Content starts

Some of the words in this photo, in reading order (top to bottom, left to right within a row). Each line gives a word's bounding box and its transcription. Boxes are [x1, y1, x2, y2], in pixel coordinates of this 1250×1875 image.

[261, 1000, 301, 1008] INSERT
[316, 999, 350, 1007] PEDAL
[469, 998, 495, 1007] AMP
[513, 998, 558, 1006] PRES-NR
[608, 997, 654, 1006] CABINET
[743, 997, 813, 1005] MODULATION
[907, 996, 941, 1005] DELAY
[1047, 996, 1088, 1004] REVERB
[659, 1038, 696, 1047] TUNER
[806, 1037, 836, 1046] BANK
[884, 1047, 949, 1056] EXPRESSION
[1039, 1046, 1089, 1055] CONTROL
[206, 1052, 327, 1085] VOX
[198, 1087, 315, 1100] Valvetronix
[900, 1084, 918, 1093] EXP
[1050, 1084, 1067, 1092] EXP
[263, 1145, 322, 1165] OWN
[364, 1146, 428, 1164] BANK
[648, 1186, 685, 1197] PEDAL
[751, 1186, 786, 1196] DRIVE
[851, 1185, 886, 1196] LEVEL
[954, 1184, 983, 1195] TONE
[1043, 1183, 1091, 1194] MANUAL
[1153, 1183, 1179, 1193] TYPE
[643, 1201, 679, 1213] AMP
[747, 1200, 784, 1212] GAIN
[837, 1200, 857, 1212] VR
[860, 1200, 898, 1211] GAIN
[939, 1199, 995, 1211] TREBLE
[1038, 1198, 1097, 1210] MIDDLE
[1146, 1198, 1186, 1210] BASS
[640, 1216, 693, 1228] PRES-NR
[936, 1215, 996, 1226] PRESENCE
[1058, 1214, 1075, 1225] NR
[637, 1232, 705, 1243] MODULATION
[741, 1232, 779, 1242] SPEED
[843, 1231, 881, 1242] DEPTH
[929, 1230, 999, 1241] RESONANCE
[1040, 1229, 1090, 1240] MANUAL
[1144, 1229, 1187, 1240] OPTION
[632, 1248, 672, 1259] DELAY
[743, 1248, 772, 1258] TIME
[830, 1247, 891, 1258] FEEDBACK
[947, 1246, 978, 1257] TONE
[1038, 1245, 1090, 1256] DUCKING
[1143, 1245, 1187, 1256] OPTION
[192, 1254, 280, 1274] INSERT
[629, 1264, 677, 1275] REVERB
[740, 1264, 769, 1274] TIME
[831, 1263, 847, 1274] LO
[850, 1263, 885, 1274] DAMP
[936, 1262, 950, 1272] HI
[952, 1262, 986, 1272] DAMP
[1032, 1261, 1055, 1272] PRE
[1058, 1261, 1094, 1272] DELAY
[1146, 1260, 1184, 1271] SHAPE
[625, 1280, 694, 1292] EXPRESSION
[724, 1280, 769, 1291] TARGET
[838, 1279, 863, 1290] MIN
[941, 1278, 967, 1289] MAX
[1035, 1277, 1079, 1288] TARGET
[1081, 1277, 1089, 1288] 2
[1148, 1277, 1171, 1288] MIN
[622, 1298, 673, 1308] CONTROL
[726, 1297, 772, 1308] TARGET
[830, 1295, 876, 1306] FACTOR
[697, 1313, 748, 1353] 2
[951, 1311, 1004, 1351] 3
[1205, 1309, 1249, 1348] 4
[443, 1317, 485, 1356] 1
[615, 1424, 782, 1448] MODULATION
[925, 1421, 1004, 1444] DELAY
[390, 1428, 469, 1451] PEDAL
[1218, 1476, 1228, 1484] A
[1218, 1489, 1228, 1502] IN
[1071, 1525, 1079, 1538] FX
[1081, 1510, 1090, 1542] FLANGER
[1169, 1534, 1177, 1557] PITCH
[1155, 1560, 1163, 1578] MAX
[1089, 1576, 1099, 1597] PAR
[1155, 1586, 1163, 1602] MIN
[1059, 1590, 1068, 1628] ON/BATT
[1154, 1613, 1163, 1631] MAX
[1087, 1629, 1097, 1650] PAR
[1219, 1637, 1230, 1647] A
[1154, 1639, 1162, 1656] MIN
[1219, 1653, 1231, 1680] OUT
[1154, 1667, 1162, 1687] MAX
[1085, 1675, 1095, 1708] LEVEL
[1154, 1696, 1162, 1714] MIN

Content ends

* [What is needed] Of the records above, copy each line that includes "INSERT".

* [Output below]
[261, 1000, 301, 1008] INSERT
[192, 1254, 280, 1274] INSERT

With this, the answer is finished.